---------- EXTRACTED MATERIAL

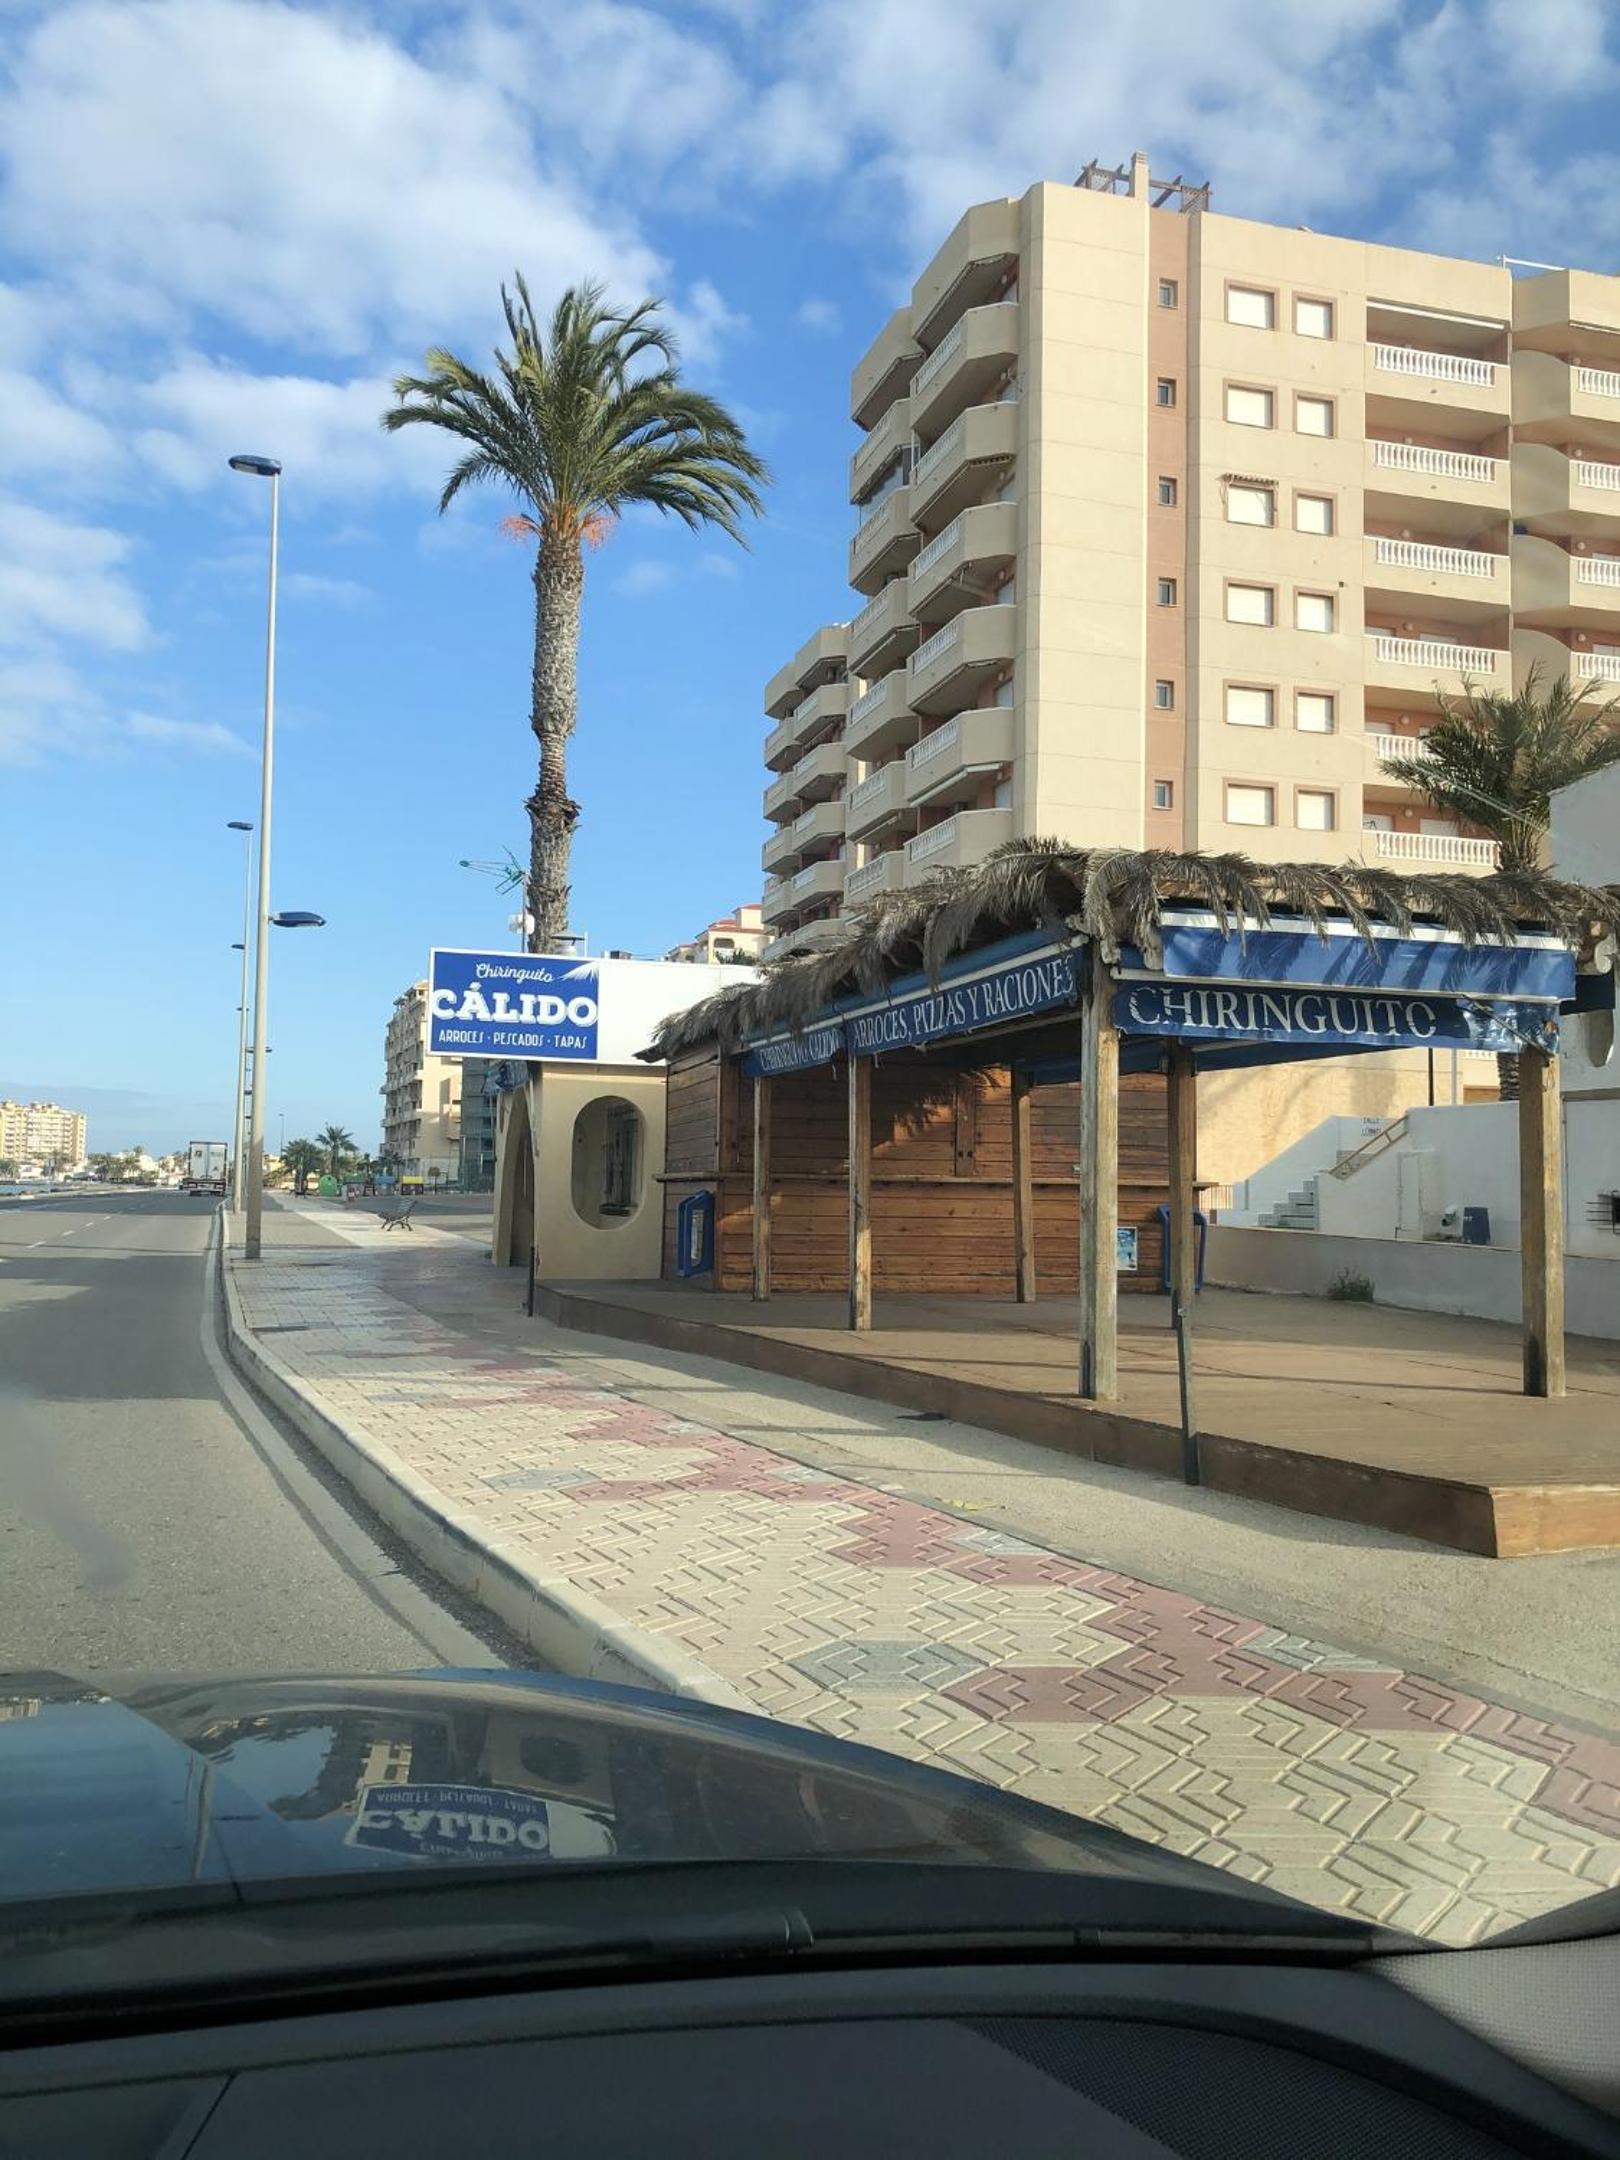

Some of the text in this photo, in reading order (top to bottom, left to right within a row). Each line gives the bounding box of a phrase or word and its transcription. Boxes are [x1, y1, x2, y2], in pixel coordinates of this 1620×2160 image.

[476, 962, 555, 984] Chiringuito
[432, 981, 598, 1028] CÁLIDO
[913, 990, 966, 1036] PIZZAS
[966, 986, 980, 1021] Y
[1129, 986, 1437, 1038] CHIRINGUITO
[438, 1029, 588, 1050] ARROCES PESCADOS TAPAS
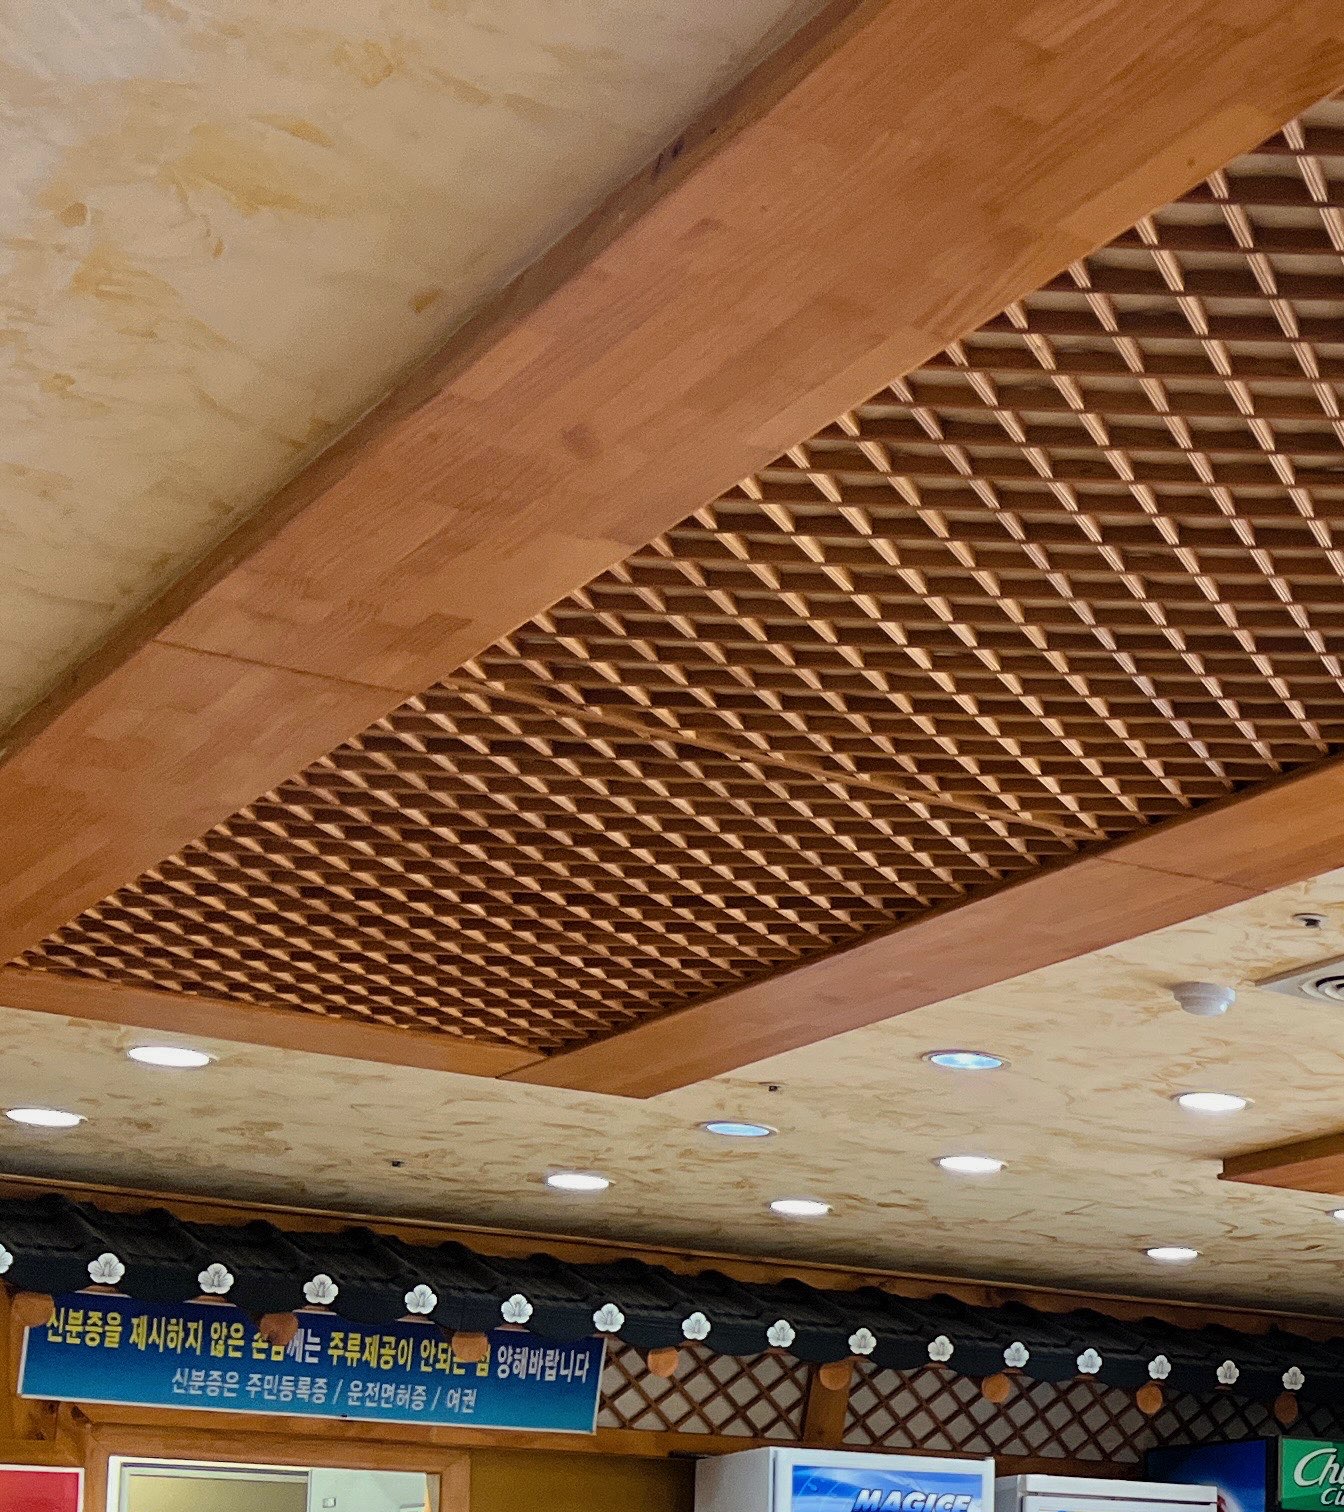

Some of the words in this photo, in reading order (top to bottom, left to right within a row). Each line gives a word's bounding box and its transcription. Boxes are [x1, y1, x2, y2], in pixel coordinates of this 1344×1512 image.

[46, 1307, 123, 1348] 신분증을
[129, 1315, 203, 1355] 제시하지
[210, 1322, 245, 1358] 않은
[327, 1331, 413, 1371] 주류제공이
[497, 1345, 590, 1383] 양해바랍니다
[171, 1367, 240, 1397] 신분증은
[245, 1373, 328, 1404] 주민등록증
[347, 1380, 428, 1411] 운전면허증
[445, 1387, 478, 1413] 여권

--------------------

## EXERCISE AIM
Retype the data above verbatim, minus images.

## WRITTEN RESPONSE
Some of the text in this photo, in reading order (top to bottom, left to right within a row). Each line gives the bounding box of a phrase or word and its transcription. Boxes are [x1, y1, x2, y2], in pixel coordinates of this 1620×2160 image.

[476, 962, 555, 984] Chiringuito
[432, 981, 598, 1028] CÁLIDO
[913, 990, 966, 1036] PIZZAS
[966, 986, 980, 1021] Y
[1129, 986, 1437, 1038] CHIRINGUITO
[438, 1029, 588, 1050] ARROCES PESCADOS TAPAS

Some of the words in this photo, in reading order (top to bottom, left to right within a row). Each line gives a word's bounding box and its transcription. Boxes are [x1, y1, x2, y2], in pixel coordinates of this 1344×1512 image.

[46, 1307, 123, 1348] 신분증을
[129, 1315, 203, 1355] 제시하지
[210, 1322, 245, 1358] 않은
[327, 1331, 413, 1371] 주류제공이
[497, 1345, 590, 1383] 양해바랍니다
[171, 1367, 240, 1397] 신분증은
[245, 1373, 328, 1404] 주민등록증
[347, 1380, 428, 1411] 운전면허증
[445, 1387, 478, 1413] 여권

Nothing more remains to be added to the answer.